Por isso nos desviaríamos a seguir da dialética aqui fixada se víssemos em sua universalidade um único ato e definitivo. Todo o imediato está objetivamente mediado, e as mais complicadas mediações acabam por produzir constantemente novas imediações. Também é esse o caso aqui; pois a imediação do uso das composições cromáticas fisiológicas para fins artístico-decorativos se deriva, naturalmente, das meras necessidades fisiológicas da vida através de uma longa e complicada série de mediações. Essa composição não é em absoluto no terreno da cor um verdadeiro começo, do mesmo modo que a percepção primitiva de superfícies e silhuetas não constitui ainda uma ornamentística. Isto é – se é que há algum – o verdadeiro fenômeno paralelo daquele da coloração fisiológica na história da arte. Em lugar antes citado, Wickhoff fala de “as simples proporções aritméticas da arquitetura” como analogia esclarecedora do efeito cromático em apreço; cremo que ainda seria mais acertada a comparação com a ornamentística tanto mais quanto que em ambos os modos de exposição artística costuma se apresentar juntos, reforçando-se mutuamente, por exemplo, nos tapetes orientais. Por outro lado, vale a pena aludir brevemente ao fato de que na posterior evolução da pintura a desempenha não poucas vezes o papel de uma imediação que é necessária superar, como na gênese do claro-escuro ou ainda mais na pintura ao ar livre.

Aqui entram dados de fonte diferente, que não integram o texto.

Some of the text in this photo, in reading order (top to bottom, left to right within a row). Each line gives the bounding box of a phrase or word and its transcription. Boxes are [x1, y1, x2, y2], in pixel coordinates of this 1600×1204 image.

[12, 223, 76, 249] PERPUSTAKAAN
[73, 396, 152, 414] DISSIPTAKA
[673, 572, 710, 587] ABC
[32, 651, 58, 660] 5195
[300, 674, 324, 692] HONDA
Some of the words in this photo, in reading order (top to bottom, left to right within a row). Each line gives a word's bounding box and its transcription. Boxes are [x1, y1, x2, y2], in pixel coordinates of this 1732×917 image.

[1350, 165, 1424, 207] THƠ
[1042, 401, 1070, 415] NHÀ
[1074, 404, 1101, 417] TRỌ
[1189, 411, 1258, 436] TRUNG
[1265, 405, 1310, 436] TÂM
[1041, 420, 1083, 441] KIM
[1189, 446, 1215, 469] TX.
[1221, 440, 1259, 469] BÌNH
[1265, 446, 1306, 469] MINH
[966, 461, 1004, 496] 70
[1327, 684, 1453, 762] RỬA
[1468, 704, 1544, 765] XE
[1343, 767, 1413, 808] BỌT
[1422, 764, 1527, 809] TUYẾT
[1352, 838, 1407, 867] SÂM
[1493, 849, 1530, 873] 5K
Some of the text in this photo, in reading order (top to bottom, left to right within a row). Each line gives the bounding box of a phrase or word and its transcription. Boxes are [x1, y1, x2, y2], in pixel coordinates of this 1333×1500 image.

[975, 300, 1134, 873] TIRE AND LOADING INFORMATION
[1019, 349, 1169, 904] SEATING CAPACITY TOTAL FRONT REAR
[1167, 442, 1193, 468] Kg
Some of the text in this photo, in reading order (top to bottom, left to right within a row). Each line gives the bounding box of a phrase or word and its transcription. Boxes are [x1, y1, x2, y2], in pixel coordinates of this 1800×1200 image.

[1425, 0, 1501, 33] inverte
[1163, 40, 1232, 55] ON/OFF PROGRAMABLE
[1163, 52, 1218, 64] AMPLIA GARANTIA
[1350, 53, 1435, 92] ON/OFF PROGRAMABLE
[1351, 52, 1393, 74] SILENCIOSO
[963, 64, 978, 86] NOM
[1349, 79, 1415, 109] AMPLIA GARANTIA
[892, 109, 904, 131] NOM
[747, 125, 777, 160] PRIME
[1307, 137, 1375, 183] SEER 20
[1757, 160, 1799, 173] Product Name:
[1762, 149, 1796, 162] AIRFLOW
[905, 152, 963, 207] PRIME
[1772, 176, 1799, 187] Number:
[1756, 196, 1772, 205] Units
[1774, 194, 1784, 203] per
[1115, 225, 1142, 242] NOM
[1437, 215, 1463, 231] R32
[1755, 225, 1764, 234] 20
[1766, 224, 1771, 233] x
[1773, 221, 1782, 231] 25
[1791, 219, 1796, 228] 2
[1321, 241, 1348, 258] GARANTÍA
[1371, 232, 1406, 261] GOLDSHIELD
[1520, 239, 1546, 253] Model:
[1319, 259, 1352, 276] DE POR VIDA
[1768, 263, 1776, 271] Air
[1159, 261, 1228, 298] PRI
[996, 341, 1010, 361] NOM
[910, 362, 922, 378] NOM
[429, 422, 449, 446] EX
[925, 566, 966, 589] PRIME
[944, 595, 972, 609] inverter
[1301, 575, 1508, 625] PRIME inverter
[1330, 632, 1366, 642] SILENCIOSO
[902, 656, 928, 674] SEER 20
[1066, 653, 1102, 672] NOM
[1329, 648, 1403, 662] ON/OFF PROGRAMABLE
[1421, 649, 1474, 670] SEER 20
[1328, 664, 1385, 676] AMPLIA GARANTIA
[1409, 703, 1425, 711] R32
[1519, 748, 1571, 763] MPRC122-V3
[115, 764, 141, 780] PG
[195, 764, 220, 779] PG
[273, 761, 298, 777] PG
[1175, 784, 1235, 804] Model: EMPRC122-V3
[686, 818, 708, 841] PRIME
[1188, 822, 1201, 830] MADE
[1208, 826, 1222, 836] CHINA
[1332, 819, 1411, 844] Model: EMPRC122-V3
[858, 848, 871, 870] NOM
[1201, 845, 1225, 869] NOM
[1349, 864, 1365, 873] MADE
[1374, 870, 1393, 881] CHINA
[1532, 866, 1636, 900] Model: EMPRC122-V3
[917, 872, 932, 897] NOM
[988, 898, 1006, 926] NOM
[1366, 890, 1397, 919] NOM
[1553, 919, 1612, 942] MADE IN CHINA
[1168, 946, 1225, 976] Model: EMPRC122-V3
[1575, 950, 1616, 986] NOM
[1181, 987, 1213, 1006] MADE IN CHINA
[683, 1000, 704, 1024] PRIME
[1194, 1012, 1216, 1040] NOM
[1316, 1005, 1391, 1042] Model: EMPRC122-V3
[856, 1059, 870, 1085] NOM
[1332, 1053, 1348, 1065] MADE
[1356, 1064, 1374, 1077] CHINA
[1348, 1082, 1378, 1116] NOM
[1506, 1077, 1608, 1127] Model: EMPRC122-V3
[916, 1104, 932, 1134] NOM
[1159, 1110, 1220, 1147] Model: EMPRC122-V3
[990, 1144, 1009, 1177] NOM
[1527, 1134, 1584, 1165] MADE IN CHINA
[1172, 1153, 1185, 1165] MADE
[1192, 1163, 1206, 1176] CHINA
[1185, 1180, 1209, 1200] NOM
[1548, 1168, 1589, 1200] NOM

Essa relatividade insuperável da imediação e da mediação é uma lei geral da dialética objetiva igual que a da subjetiva. Na estética, sem que por isso perca validade essa lei, se acrescenta ainda o fato particular de que toda obra de arte representa por princípio uma imediação, ou seja, que a criação artística destrói velhas imediações da vida se desprende delas, precisamente para produzir na obra uma nova imediação assimilando as novas complicações de cores locais. Como complemento da dialética concreta que aqui aparece observaremos que seria totalmente errado inferir do condicionamento fisiológico do colorido superada pela cor local da imediação absoluta da primeira, ou seja, crer que esteja diretamente derivável da natureza fisiológica do homem como ser da natureza. Kant indicou que as cores puras do espectro não contêm somente “sentimento sensível”, “senão que também permitem reflexão sobre a forma dessas modificações”(8), e por isso podem ser imediatamente, em seu simples ser-assim, expressão dessa reflexão. É suficiente esta alusão à tese de Kant, relevante para nosso problema. Como o próprio Kant vê nessa idealidade imediata das cores um problema da beleza natural, teremos que estudar sua opinião detalhadamente quando falarmos deste complexo de problemas. Indiquemos já aqui que Kant se propõe explicar o vínculo emocional de conteúdos morais com cores puras por uma influência da natureza no homem. Do ponto de vista de esclarecimento estético do problema de como impressões puramente fisiológicas podem converter-se em portadoras de conteúdos humanos, morais, sociais, e, portanto, em veículos de uma atividade e uma recepção miméticas, a tese de Kant, não diz muito. Pois se ela contivesse o essencial, a significação moral seria tão fisiologicamente imediata como a ação da cor pura, a qual está em contradição com todas as experiências antropológicas sobre a origem dos sentimentos morais e dos sentimentos estéticos.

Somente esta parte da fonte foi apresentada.